## THE TASK
Restating every entry exactly is the whole task.

## ENTRIES PROVIDED
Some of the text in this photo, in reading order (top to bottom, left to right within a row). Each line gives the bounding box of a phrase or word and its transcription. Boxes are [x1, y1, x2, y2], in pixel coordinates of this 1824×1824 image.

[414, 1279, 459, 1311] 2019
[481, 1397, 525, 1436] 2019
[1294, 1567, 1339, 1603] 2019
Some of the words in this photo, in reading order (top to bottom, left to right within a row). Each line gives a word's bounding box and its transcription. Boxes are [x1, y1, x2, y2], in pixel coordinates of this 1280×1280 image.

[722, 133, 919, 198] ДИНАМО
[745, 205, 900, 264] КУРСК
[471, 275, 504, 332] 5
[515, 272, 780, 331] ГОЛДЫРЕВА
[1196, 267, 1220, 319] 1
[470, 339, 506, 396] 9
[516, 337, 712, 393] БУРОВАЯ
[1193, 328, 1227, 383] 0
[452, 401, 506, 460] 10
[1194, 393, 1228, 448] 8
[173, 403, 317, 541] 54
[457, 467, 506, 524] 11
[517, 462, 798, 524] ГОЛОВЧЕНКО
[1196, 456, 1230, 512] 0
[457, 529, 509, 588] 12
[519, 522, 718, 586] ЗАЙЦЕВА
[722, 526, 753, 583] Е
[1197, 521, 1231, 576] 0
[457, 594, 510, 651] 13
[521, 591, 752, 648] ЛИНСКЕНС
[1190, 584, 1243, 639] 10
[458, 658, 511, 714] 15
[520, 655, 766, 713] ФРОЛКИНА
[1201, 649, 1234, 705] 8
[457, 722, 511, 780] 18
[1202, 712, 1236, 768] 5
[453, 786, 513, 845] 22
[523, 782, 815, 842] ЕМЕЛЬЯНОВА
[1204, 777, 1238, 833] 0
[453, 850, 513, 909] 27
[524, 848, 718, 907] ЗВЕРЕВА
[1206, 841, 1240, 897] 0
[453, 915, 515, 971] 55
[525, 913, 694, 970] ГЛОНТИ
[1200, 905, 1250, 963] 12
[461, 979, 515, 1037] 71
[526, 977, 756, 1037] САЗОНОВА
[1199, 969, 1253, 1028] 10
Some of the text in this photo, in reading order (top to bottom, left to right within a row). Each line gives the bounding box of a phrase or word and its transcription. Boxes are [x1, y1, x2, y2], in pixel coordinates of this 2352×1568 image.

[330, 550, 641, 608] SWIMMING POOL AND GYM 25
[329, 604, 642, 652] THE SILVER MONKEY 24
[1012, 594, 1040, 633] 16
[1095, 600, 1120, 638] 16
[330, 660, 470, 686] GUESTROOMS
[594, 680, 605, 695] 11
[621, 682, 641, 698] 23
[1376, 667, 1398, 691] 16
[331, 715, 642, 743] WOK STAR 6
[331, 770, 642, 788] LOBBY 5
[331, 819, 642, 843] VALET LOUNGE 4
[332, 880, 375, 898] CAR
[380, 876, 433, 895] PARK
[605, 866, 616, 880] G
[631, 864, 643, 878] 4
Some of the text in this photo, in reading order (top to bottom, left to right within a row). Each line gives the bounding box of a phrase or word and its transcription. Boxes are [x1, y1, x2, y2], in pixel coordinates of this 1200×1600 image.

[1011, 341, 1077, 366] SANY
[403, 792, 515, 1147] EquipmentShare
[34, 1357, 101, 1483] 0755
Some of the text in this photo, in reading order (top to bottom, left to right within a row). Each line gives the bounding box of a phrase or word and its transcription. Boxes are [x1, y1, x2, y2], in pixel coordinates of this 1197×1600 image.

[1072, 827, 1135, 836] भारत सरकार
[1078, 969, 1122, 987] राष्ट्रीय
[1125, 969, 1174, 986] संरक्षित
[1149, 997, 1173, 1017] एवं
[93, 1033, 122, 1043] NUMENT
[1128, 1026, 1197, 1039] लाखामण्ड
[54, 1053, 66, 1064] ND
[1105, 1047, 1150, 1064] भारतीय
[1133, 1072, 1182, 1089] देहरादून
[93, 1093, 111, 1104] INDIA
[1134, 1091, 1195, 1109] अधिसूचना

## SOLUTION BELOW
Some of the text in this photo, in reading order (top to bottom, left to right within a row). Each line gives the bounding box of a phrase or word and its transcription. Boxes are [x1, y1, x2, y2], in pixel coordinates of this 1824×1824 image.

[414, 1279, 459, 1311] 2019
[481, 1397, 525, 1436] 2019
[1294, 1567, 1339, 1603] 2019
Some of the words in this photo, in reading order (top to bottom, left to right within a row). Each line gives a word's bounding box and its transcription. Boxes are [x1, y1, x2, y2], in pixel coordinates of this 1280×1280 image.

[722, 133, 919, 198] ДИНАМО
[745, 205, 900, 264] КУРСК
[471, 275, 504, 332] 5
[515, 272, 780, 331] ГОЛДЫРЕВА
[1196, 267, 1220, 319] 1
[470, 339, 506, 396] 9
[516, 337, 712, 393] БУРОВАЯ
[1193, 328, 1227, 383] 0
[452, 401, 506, 460] 10
[1194, 393, 1228, 448] 8
[173, 403, 317, 541] 54
[457, 467, 506, 524] 11
[517, 462, 798, 524] ГОЛОВЧЕНКО
[1196, 456, 1230, 512] 0
[457, 529, 509, 588] 12
[519, 522, 718, 586] ЗАЙЦЕВА
[722, 526, 753, 583] Е
[1197, 521, 1231, 576] 0
[457, 594, 510, 651] 13
[521, 591, 752, 648] ЛИНСКЕНС
[1190, 584, 1243, 639] 10
[458, 658, 511, 714] 15
[520, 655, 766, 713] ФРОЛКИНА
[1201, 649, 1234, 705] 8
[457, 722, 511, 780] 18
[1202, 712, 1236, 768] 5
[453, 786, 513, 845] 22
[523, 782, 815, 842] ЕМЕЛЬЯНОВА
[1204, 777, 1238, 833] 0
[453, 850, 513, 909] 27
[524, 848, 718, 907] ЗВЕРЕВА
[1206, 841, 1240, 897] 0
[453, 915, 515, 971] 55
[525, 913, 694, 970] ГЛОНТИ
[1200, 905, 1250, 963] 12
[461, 979, 515, 1037] 71
[526, 977, 756, 1037] САЗОНОВА
[1199, 969, 1253, 1028] 10
Some of the text in this photo, in reading order (top to bottom, left to right within a row). Each line gives the bounding box of a phrase or word and its transcription. Boxes are [x1, y1, x2, y2], in pixel coordinates of this 2352×1568 image.

[330, 550, 641, 608] SWIMMING POOL AND GYM 25
[329, 604, 642, 652] THE SILVER MONKEY 24
[1012, 594, 1040, 633] 16
[1095, 600, 1120, 638] 16
[330, 660, 470, 686] GUESTROOMS
[594, 680, 605, 695] 11
[621, 682, 641, 698] 23
[1376, 667, 1398, 691] 16
[331, 715, 642, 743] WOK STAR 6
[331, 770, 642, 788] LOBBY 5
[331, 819, 642, 843] VALET LOUNGE 4
[332, 880, 375, 898] CAR
[380, 876, 433, 895] PARK
[605, 866, 616, 880] G
[631, 864, 643, 878] 4
Some of the text in this photo, in reading order (top to bottom, left to right within a row). Each line gives the bounding box of a phrase or word and its transcription. Boxes are [x1, y1, x2, y2], in pixel coordinates of this 1200×1600 image.

[1011, 341, 1077, 366] SANY
[403, 792, 515, 1147] EquipmentShare
[34, 1357, 101, 1483] 0755
Some of the text in this photo, in reading order (top to bottom, left to right within a row). Each line gives the bounding box of a phrase or word and its transcription. Boxes are [x1, y1, x2, y2], in pixel coordinates of this 1197×1600 image.

[1072, 827, 1135, 836] भारत सरकार
[1078, 969, 1122, 987] राष्ट्रीय
[1125, 969, 1174, 986] संरक्षित
[1149, 997, 1173, 1017] एवं
[93, 1033, 122, 1043] NUMENT
[1128, 1026, 1197, 1039] लाखामण्ड
[54, 1053, 66, 1064] ND
[1105, 1047, 1150, 1064] भारतीय
[1133, 1072, 1182, 1089] देहरादून
[93, 1093, 111, 1104] INDIA
[1134, 1091, 1195, 1109] अधिसूचना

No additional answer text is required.